◆ **AIM OF THE EXERCISE**: If an entry holds a picture, skip the picture but copy everything else exactly.

◆ **TASK MATERIAL**:

----

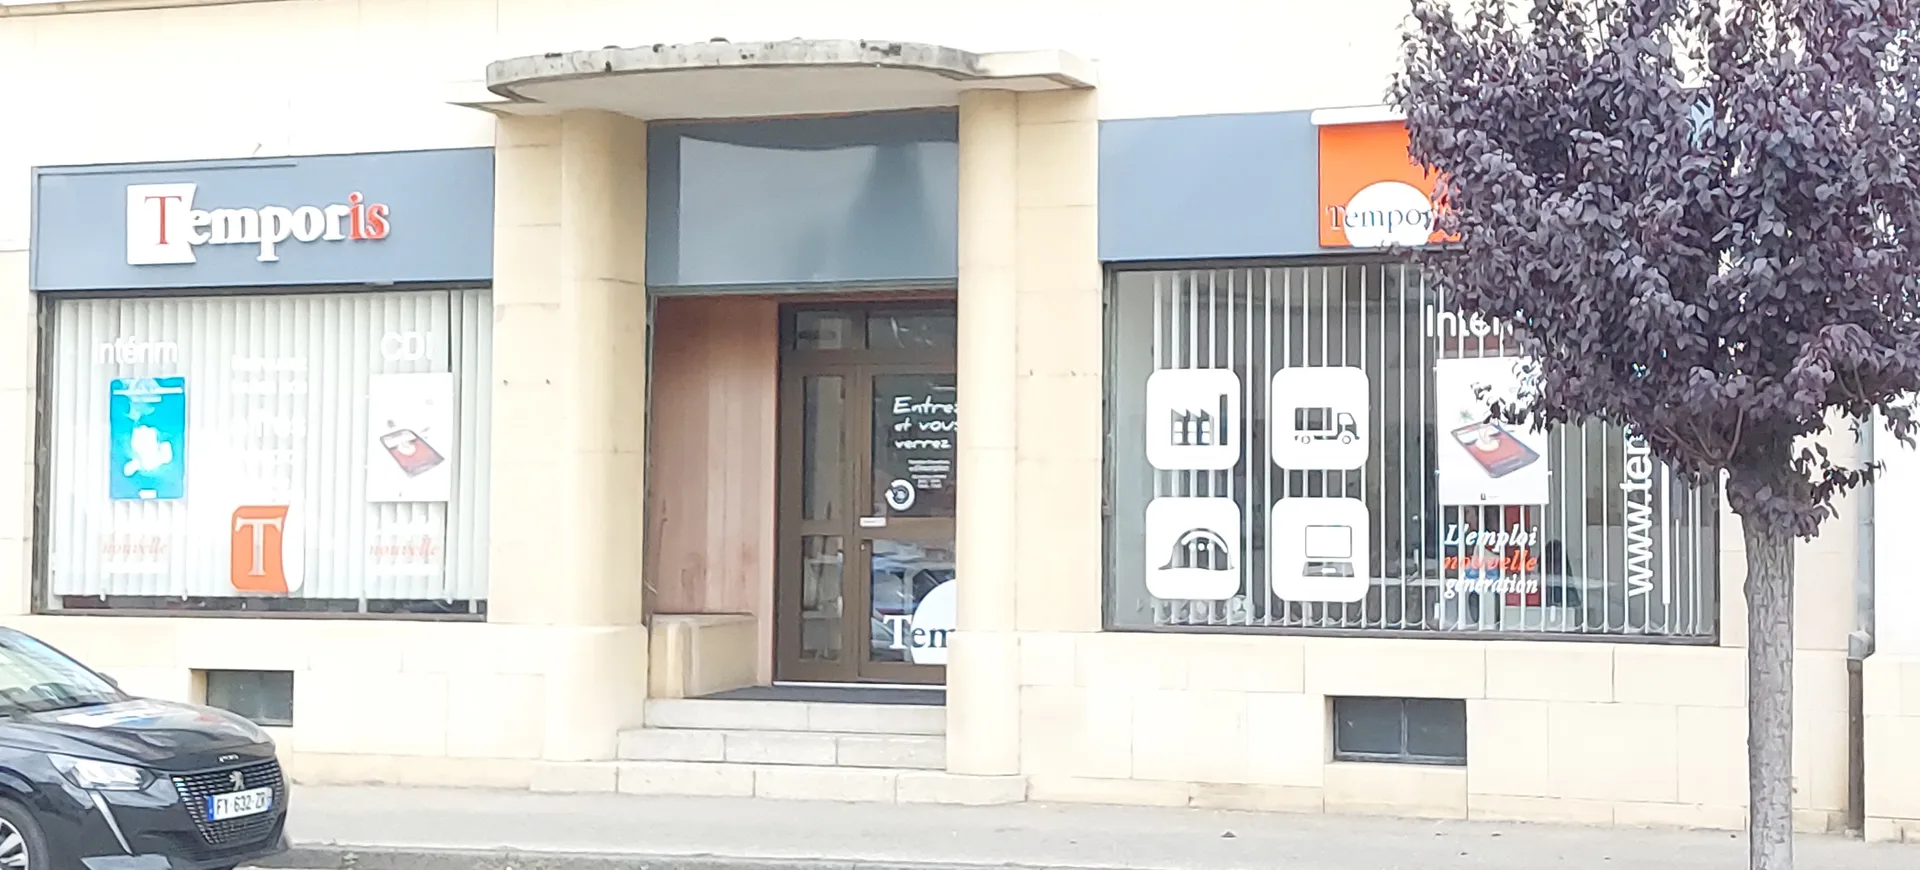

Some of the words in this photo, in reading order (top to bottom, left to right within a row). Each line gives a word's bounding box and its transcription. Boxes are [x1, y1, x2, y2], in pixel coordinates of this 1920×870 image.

[142, 190, 391, 263] Temporis
[894, 417, 912, 432] et
[894, 439, 951, 449] verrez
[1444, 523, 1538, 553] L'emploi
[1444, 549, 1538, 571] nouvelle
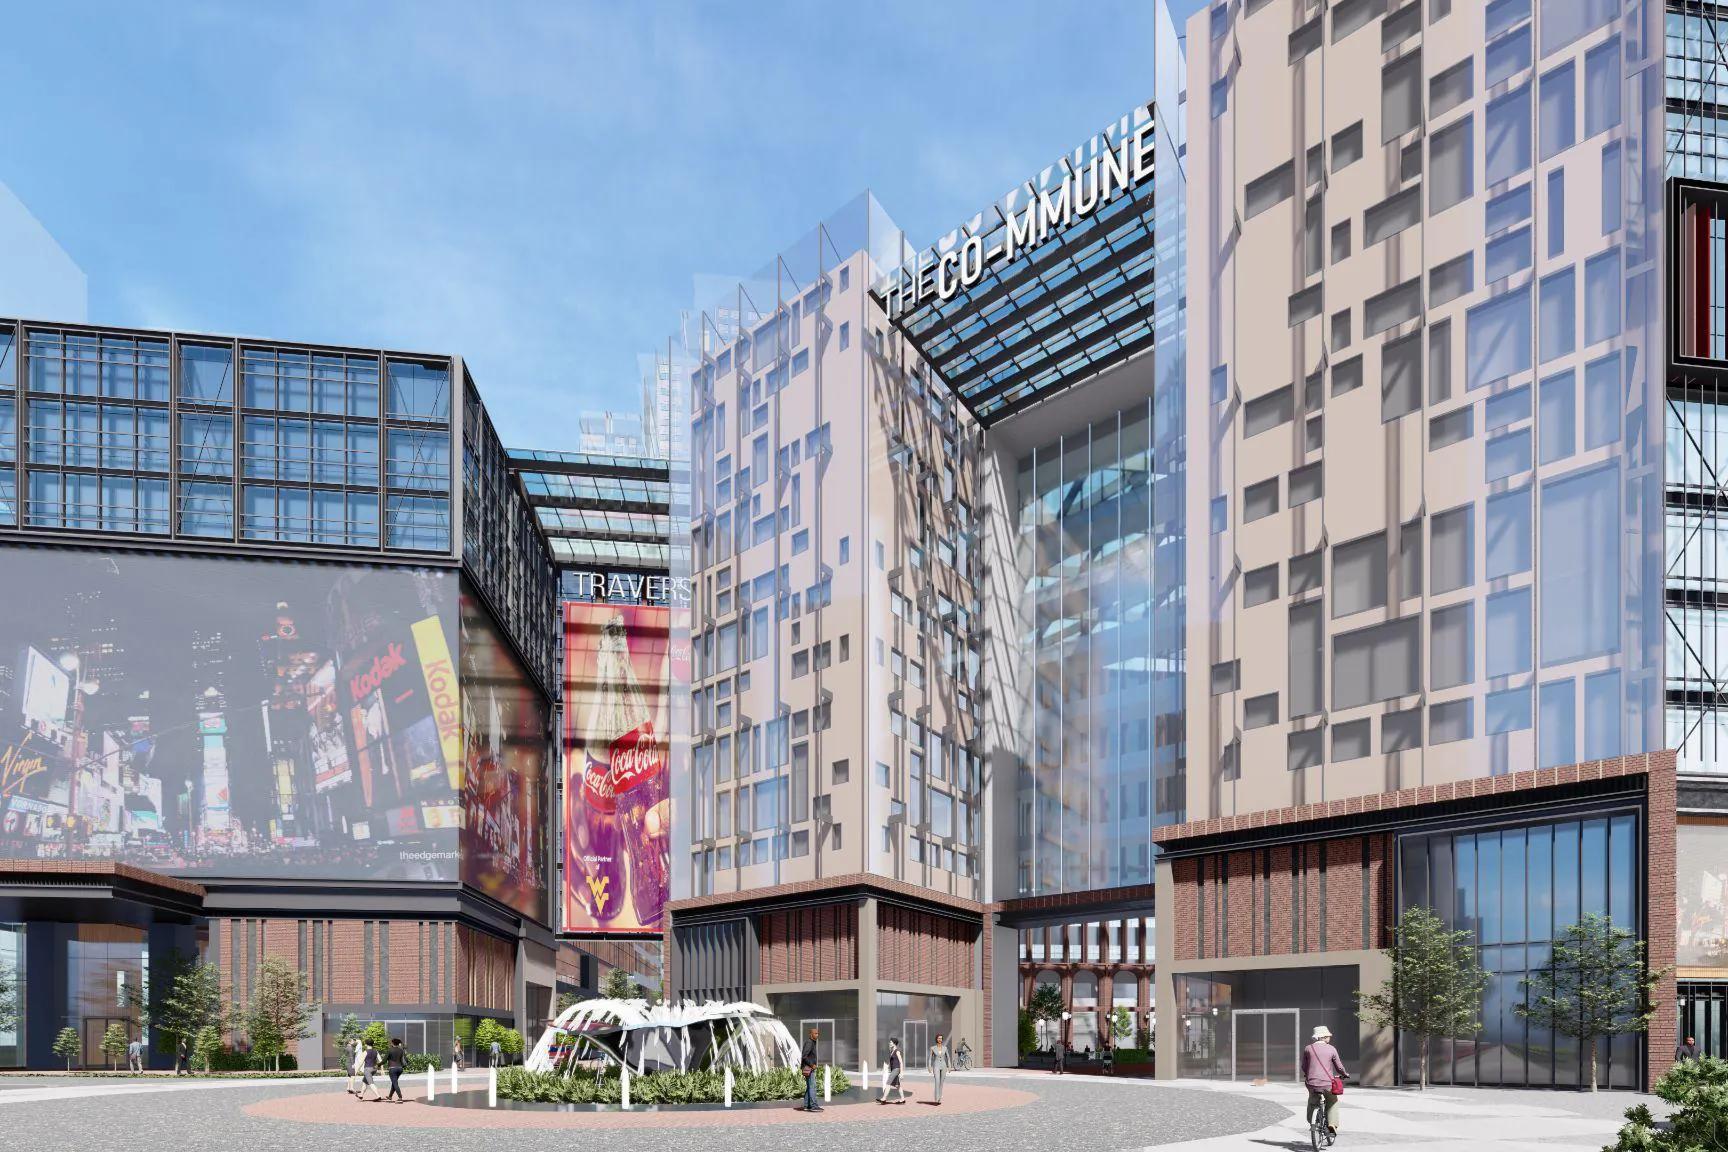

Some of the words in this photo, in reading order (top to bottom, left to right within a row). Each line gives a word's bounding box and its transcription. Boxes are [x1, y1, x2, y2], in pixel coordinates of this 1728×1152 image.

[880, 268, 936, 320] THE
[938, 119, 1155, 301] CO-MMUNE
[350, 642, 407, 701] Kodak
[424, 658, 460, 740] Kodak
[0, 732, 48, 795] Virgin

----

◆ **RESPONSE BELOW**:
Some of the words in this photo, in reading order (top to bottom, left to right within a row). Each line gives a word's bounding box and its transcription. Boxes are [x1, y1, x2, y2], in pixel coordinates of this 1920×870 image.

[142, 190, 391, 263] Temporis
[894, 417, 912, 432] et
[894, 439, 951, 449] verrez
[1444, 523, 1538, 553] L'emploi
[1444, 549, 1538, 571] nouvelle

Some of the words in this photo, in reading order (top to bottom, left to right within a row). Each line gives a word's bounding box and its transcription. Boxes are [x1, y1, x2, y2], in pixel coordinates of this 1728×1152 image.

[880, 268, 936, 320] THE
[938, 119, 1155, 301] CO-MMUNE
[350, 642, 407, 701] Kodak
[424, 658, 460, 740] Kodak
[0, 732, 48, 795] Virgin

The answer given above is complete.